Estava pensando que ter o Pai que tive não tem valor com que possa mensurar, preço que se possa sugerir, medida que se possa escalonar. É uma graça. Portanto: de graça. Na verdade, a condição é a convivência e conviver não é simples e nem tranquilo. Requer adequação, negação de si mesmo, partilha, doação. 


Claro que meu Paizinho tinha um monte de defeitos. Alguns defeitos que só o eram para mim, por exemplo. Mas a graça da boa convivência está em superar esses obstáculos e encontrar valor até no que lhe parece estranho, diferente, aparentemente irreconciliável. Ele melhorou muito com o tempo. Eu também me tornei melhor em seu tempo. E sei que é um legado incrível, porque as lições não terminam, porque muita história a gente fez junto. Histórias que trago na memória afetiva, na minha formação, na minha informação, no meu DNA e nos meus sonhos.

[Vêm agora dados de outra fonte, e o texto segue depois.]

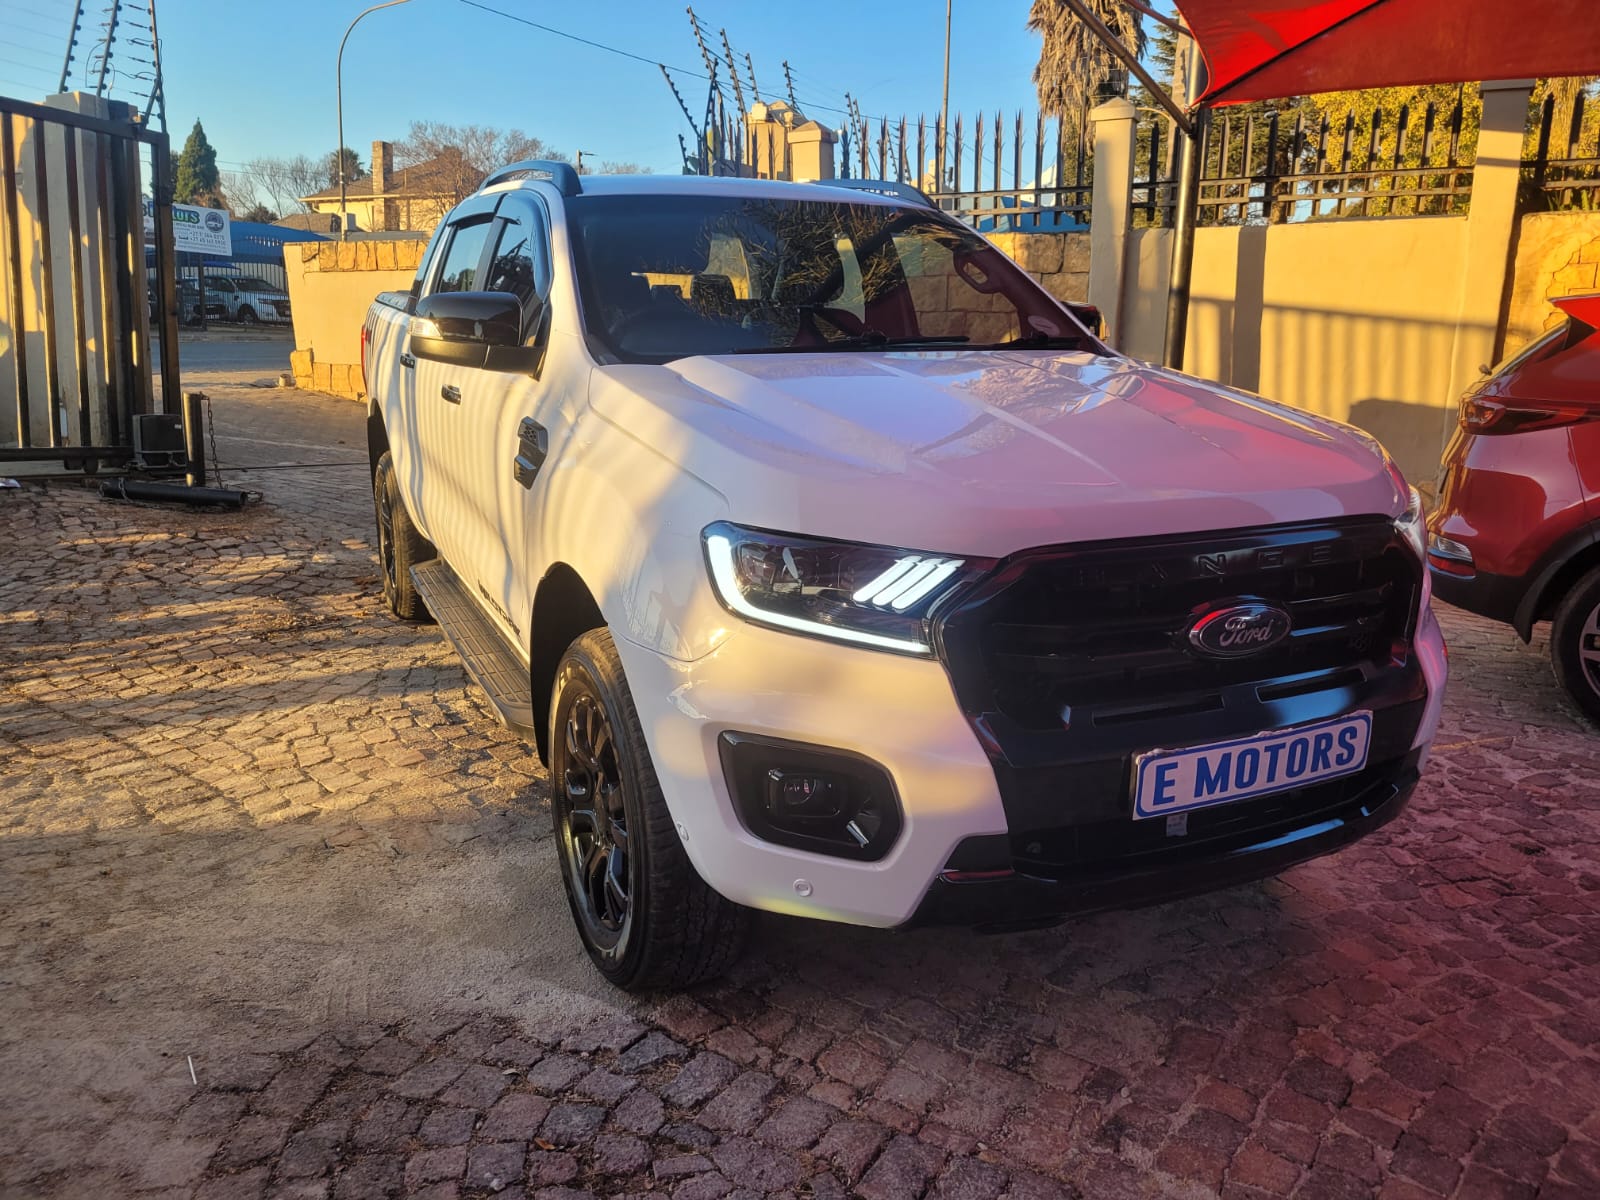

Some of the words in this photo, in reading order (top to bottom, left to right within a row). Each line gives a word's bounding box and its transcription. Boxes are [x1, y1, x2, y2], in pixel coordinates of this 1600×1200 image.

[1219, 615, 1273, 647] Ford
[1152, 762, 1179, 806] E
[1193, 726, 1358, 798] MOTORS

Então eu pensei que hoje eu estou em casa e meus amigos tão caros estão todos reunidos. Eu não pude ir porque trabalhei hoje (sábado) e trabalho amanhã (domingo) e também durante toda a semana que vem pela frente. Essas pessoas também vão partir um dia e eu me pergunto: "o quanto delas eu aproveitei?". A idade que eu tenho hoje também vai se acabar e eu me pergunto: "o quanto dela eu deixei de aproveitar em função de outras coisas?".


Estou na fase de me perguntar: por que me preocupo tanto com o futuro, se deixo de curtir o presente? Não é o presente que nos lança para um futuro? E se o futuro não chegar, o que terei feito de mim e dos meus dias? E se o futuro chegar e eu não tiver saúde para desfrutar das dádivas recolhidas ao longo de uma jornada extenuante? E as histórias vividas? E as memórias recolhidas? Sabe aquela música: "queria ter amado mais?..." Ela me dá muito nervoso, porque é muito difícil ficar em débito com a vida e a sua história. 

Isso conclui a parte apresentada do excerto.